Three checks settle it.
Check 1 - the EPC. Find the property's EPC on the EPC register at find-energy-certificate.service.gov.uk. Search by address. If the EPC rating is F or G and was issued within the last ten years, you are looking at an illegal let.
Check 2 - the exemption register. A landlord can register an exemption (the property is genuinely unimprovable, the consent route has failed, the cost cap has been hit, etc.). Exemptions are recorded on the PRS Exemptions Register. Search by address. If the property has a current registered exemption, the let is lawful and the MEES route is closed. If there is no exemption, proceed.
Check 3 - the date the tenancy started. The MEES rules applied first to new tenancies from 1 April 2018 and then to all tenancies (including ones already running) from 1 April 2020. If your tenancy started after April 2020, the rule covers your whole tenancy. If it started before April 2018 and you have been continuously in occupation since, the rule still bites from 1 April 2020.
If all three checks point to an illegal let, you have a strong position. The walkthrough below shows how to use it.
What MEES actually says
The Energy Efficiency (Private Rented Property) (England and Wales) Regulations 2015 - known as MEES - prohibit a landlord from letting a domestic privately rented property where the EPC rating is below E (i.e. F or G) unless:
- The landlord has made all "relevant energy efficiency improvements" up to the cost cap (currently GBP 3,500 including VAT), or
- The landlord has registered a valid exemption on the PRS Exemptions Register.
The local authority is the enforcer. They have powers to serve compliance notices, then financial penalties of up to GBP 30,000 per breach (the maximum was raised from GBP 5,000 in late 2025). The penalty is per property, per breach, and can be repeated.

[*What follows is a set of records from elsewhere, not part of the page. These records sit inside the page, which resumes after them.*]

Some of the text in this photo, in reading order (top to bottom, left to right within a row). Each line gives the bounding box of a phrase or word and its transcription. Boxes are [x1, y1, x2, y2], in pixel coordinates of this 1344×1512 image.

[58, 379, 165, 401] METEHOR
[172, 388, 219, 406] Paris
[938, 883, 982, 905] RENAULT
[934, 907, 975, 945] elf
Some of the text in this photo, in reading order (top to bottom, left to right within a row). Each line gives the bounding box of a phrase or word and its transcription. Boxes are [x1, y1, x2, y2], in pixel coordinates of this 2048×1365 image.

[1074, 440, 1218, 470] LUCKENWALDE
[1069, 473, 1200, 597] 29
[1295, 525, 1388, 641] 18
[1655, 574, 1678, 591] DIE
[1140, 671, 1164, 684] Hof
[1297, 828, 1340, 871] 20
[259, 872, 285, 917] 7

The MEES rules do not directly create a tenant right to compensation. But they do create a clear breach of housing legislation, which feeds into other tenant rights (disrepair claims, Decent Homes claims, possession defences under the RRA).

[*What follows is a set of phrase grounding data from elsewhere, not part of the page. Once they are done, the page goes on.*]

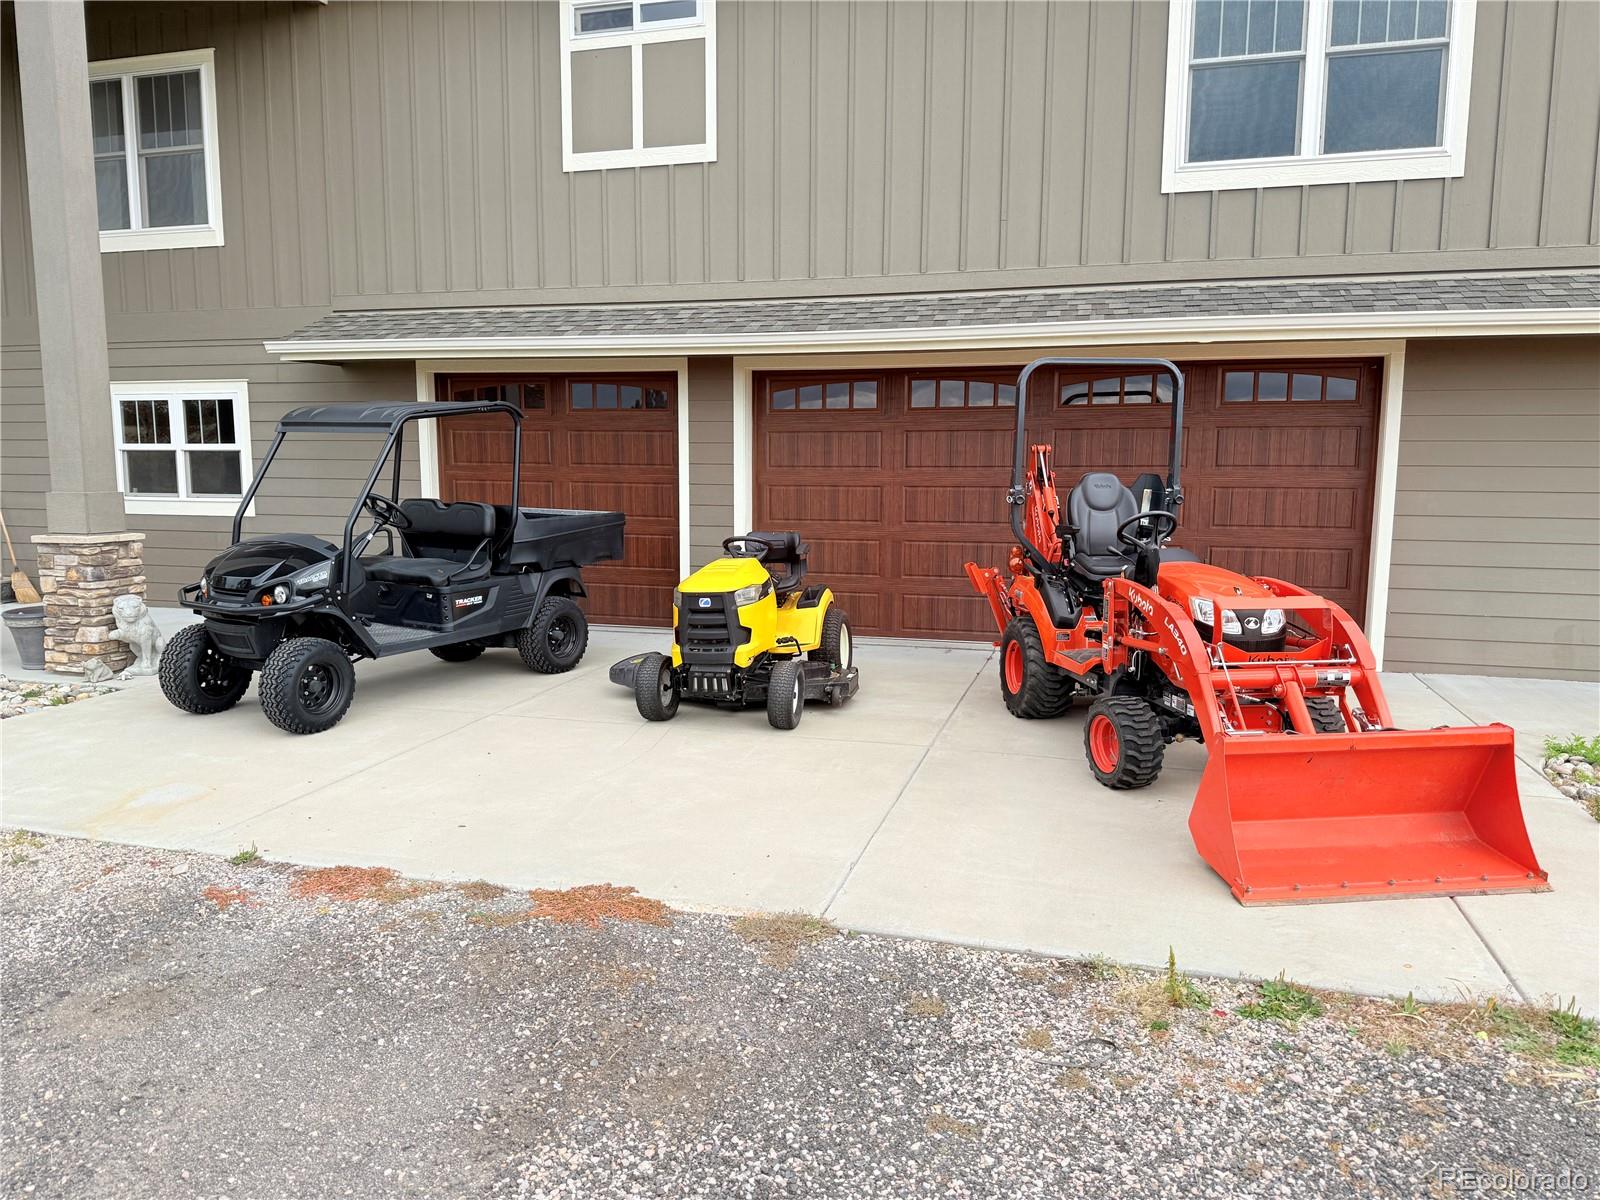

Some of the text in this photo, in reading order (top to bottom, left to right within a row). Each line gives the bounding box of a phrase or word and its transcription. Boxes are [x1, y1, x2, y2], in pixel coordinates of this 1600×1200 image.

[455, 595, 483, 605] TRACKER
[1128, 586, 1154, 616] Kubota
[1164, 616, 1187, 656] LA340
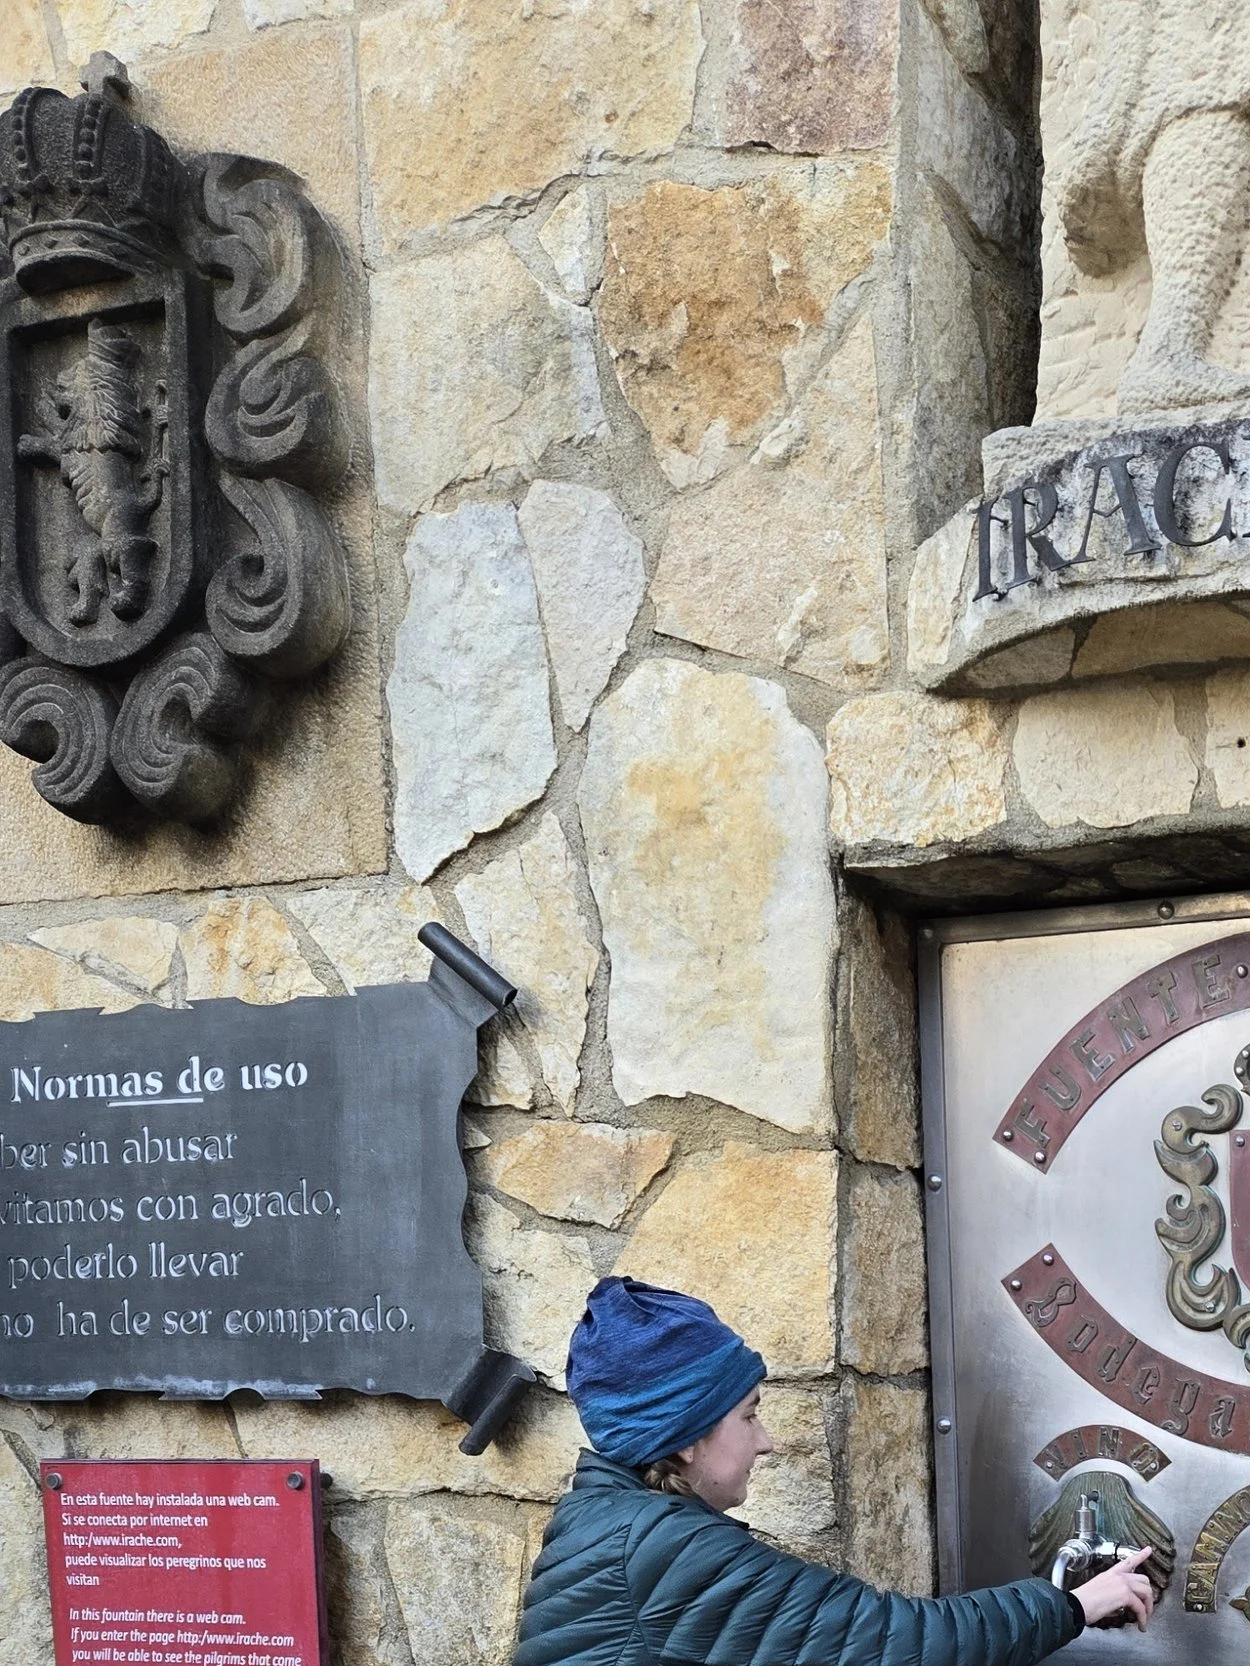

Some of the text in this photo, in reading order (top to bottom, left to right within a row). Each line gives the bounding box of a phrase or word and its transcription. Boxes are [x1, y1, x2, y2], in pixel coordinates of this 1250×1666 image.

[1011, 953, 1231, 1148] FUENTE
[10, 1056, 309, 1104] Normas de uso
[62, 1130, 110, 1168] sin
[122, 1126, 238, 1166] abusar
[136, 1192, 199, 1223] con
[211, 1178, 342, 1229] agrado,
[8, 1242, 244, 1289] poderlo llevar
[57, 1300, 99, 1337] ha
[108, 1298, 150, 1336] de
[162, 1306, 213, 1336] ser
[224, 1294, 416, 1344] comprado.
[1044, 1426, 1159, 1474] VINO
[60, 1492, 280, 1509] En esta fuente hay instalada una web cam.
[61, 1512, 209, 1529] Si se conecta por internet en
[65, 1553, 267, 1571] puede visualizar los peregrinos que nos
[66, 1573, 100, 1586] visitan
[69, 1608, 246, 1625] In this fountain there is a web cam.
[71, 1627, 80, 1643] If
[80, 1630, 99, 1643] you
[101, 1630, 128, 1642] enter
[130, 1629, 147, 1642] the
[148, 1632, 175, 1646] page
[72, 1648, 302, 1666] you will be able to see the pilgrims that come

How the rule has changed in 2026
Three changes matter.
Change 1 - penalty raised to GBP 30,000. From late 2025 the maximum penalty per breach is GBP 30,000 (up from GBP 5,000). This makes councils more willing to investigate, because the financial-penalty route is now worth the staff time.
Change 2 - PRS Database (from 1 May 2026). The new PRS Database includes EPC data. A landlord who is letting an F-or-G property without a registered exemption is now visible to the council via a database lookup. Previously the council had to do field investigation; now it is one search.
Change 3 - RRA interaction. The Renters' Rights Act 2025 does not list MEES breach as an RRO offence directly. But it strengthens tenant remedies in two adjacent areas: the Decent Homes Standard (which now applies to the private rented sector and which an F-or-G property is unlikely to meet) and disrepair claims (where poor energy performance often correlates with damp and cold). So the tenant who is in an illegal F-or-G let can usually run two parallel claims - the MEES report to the council, plus a disrepair / Decent Homes claim against the landlord.
The headline 2030 target - EPC C for all PRS by 2030 - is forward-looking and does not affect current enforcement. Do not let landlord-side commentary about the 2030 target distract from the fact that F-or-G is already unlawful today.
How landlords get this wrong
Three patterns.
Pattern 1 - "the EPC is old, ignore it". A common landlord response is that the EPC pre-dates current standards. The MEES rules apply to whatever EPC is on the register at the time of the let. If the most recent EPC is F or G, the let is illegal until a fresh EPC of E-or-above is obtained or a valid exemption is registered. There is no grandfather clause.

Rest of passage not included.